Fifteen years after construction began, the reservoir of the Three Gorges Dam will reach its final height of 175 meters in early November. International Rivers calls for the following lessons to be drawn from the world’s largest and most controversial hydropower project:
- The massive social and environmental impacts of the Three Gorges Dam should be independently evaluated before new mega-dams are built on the Yangtze River. More than 100 dams are currently being planned or built on the world’s third-longest river and its tributaries.
- The 1.3 million people who were displaced by the Three Gorges reservoir should be retroactively compensated for their losses. Compensation payments have been routinely embezzled, and the promised jobs and replacement lands mostly failed to materialize. The government began compensating past victims of dam displacement in 2006, but the Three Gorges resettlers have still not gotten a fair deal.
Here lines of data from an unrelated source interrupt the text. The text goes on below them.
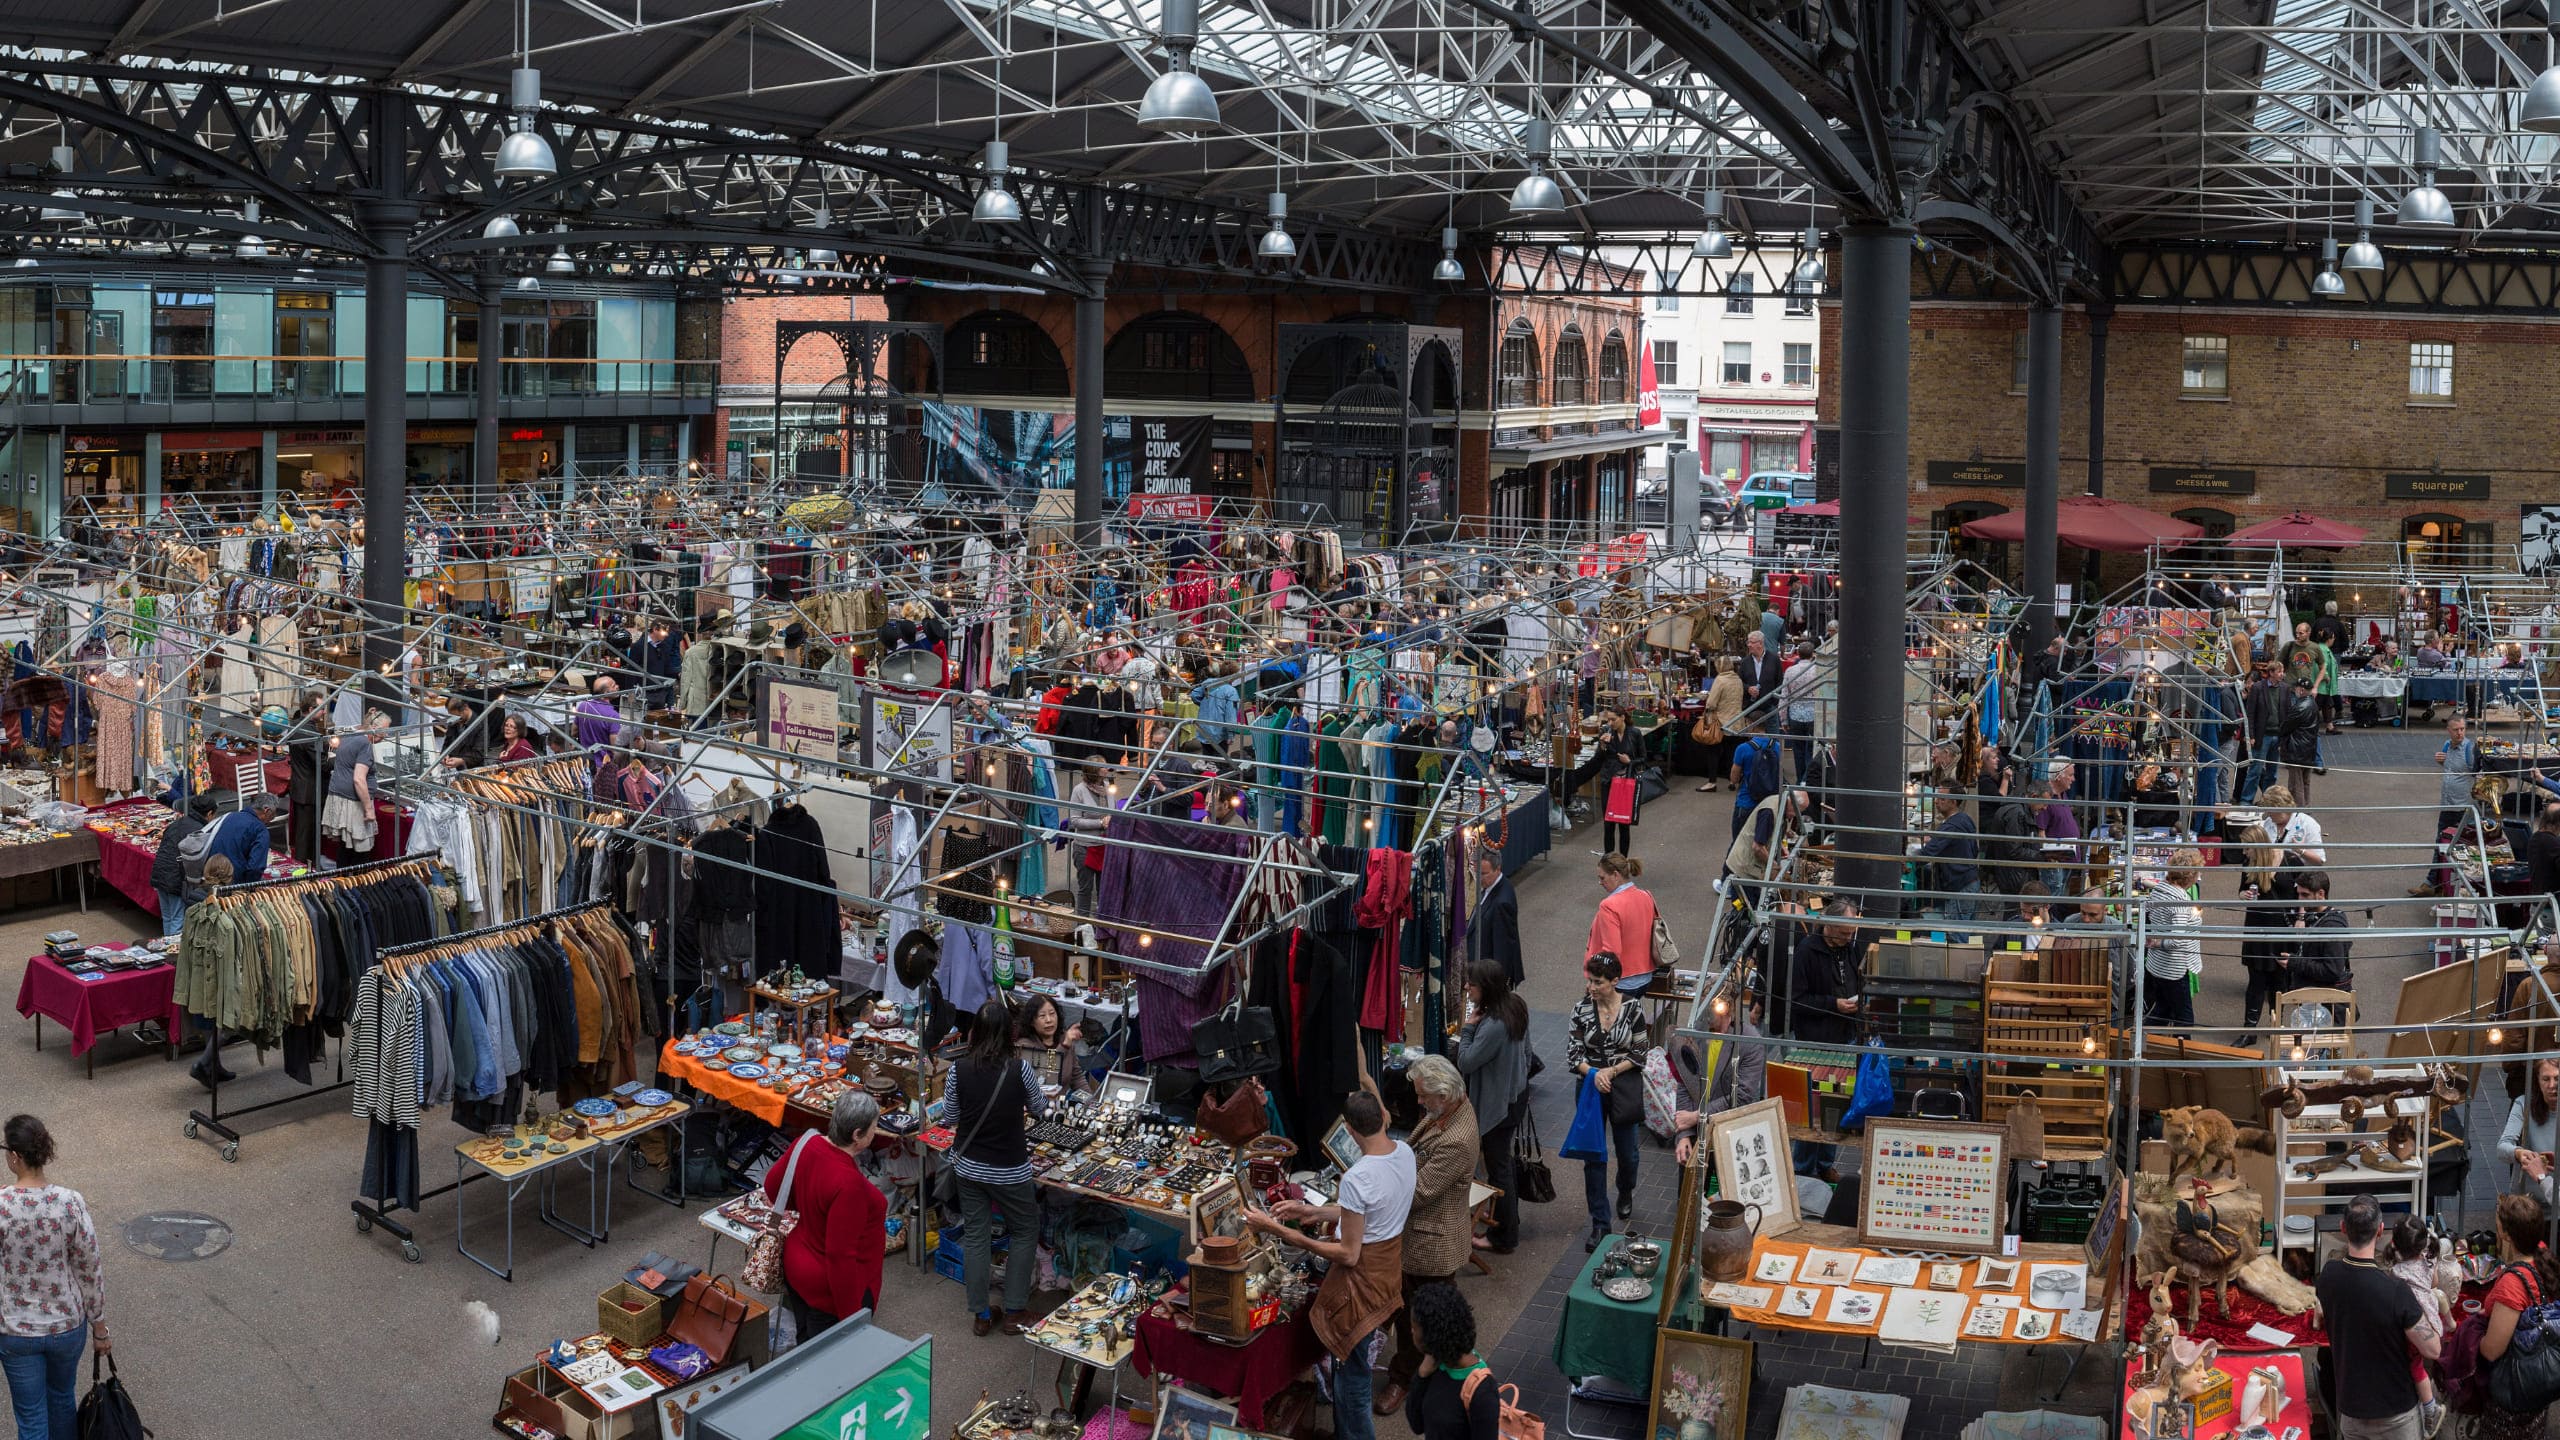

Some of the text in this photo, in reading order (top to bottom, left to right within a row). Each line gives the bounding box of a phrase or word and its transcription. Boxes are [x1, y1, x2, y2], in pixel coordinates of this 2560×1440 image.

[1715, 407, 1762, 415] SPITALFIELDS
[1143, 423, 1166, 439] THE
[1145, 441, 1181, 458] COWS
[1143, 459, 1167, 476] ARE
[1952, 472, 2004, 481] CHEESE SHOP
[1144, 477, 1191, 494] COMING
[2175, 479, 2205, 487] CHEESE
[2211, 480, 2230, 488] WINE
[2412, 482, 2448, 493] square
- The flaws of China’s environmental laws need to be addressed. Environmental impact assessments need to be carried out before hydropower projects are started, and violations of environmental laws need to be sanctioned more rigorously.
- Improving China’s energy efficiency would have been cheaper and cleaner than building the Three Gorges Dam. In recent years, the government has aggressively promoted energy efficiency and renewable energy technologies. China deserves international support for this approach, for example through an exemption of green energy technologies from patent protection in developing countries.
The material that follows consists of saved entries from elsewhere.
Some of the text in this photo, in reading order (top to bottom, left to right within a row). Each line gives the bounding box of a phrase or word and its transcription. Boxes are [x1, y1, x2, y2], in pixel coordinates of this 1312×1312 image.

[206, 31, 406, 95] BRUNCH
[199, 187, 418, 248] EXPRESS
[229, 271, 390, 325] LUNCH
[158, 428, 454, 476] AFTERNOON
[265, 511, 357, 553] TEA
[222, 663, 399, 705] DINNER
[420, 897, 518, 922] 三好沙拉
“The Three Gorges Dam is a model of the past,” comments Peter Bosshard, the Policy Director of International Rivers. “Its impacts need to be independently evaluated before more dams are being built on the Yangtze River. There are smarter ways of generating energy and managing floods than by building outdated mega-projects.”
With a capacity of 18,200 megawatts, the Three Gorges Project is the world’s largest hydropower project. Its cost has been officially indicated as $27 billion, and has been unofficially estimated at $88 billion. The 660 kilometers-long reservoir has submerged 13 cities, 140 towns and 1,350 villages.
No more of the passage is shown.